(Material for this exercise begins)

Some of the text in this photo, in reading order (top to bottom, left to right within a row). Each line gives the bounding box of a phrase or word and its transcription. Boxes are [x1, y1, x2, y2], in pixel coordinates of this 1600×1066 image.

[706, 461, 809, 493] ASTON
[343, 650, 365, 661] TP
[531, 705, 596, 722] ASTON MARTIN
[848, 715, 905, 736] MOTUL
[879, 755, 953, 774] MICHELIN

(Material for this exercise ends)

▶ **To do**:
Each record is to be repeated word for word, with none skipped.

▶ **Response to the exercise**:
Some of the text in this photo, in reading order (top to bottom, left to right within a row). Each line gives the bounding box of a phrase or word and its transcription. Boxes are [x1, y1, x2, y2], in pixel coordinates of this 1600×1066 image.

[706, 461, 809, 493] ASTON
[343, 650, 365, 661] TP
[531, 705, 596, 722] ASTON MARTIN
[848, 715, 905, 736] MOTUL
[879, 755, 953, 774] MICHELIN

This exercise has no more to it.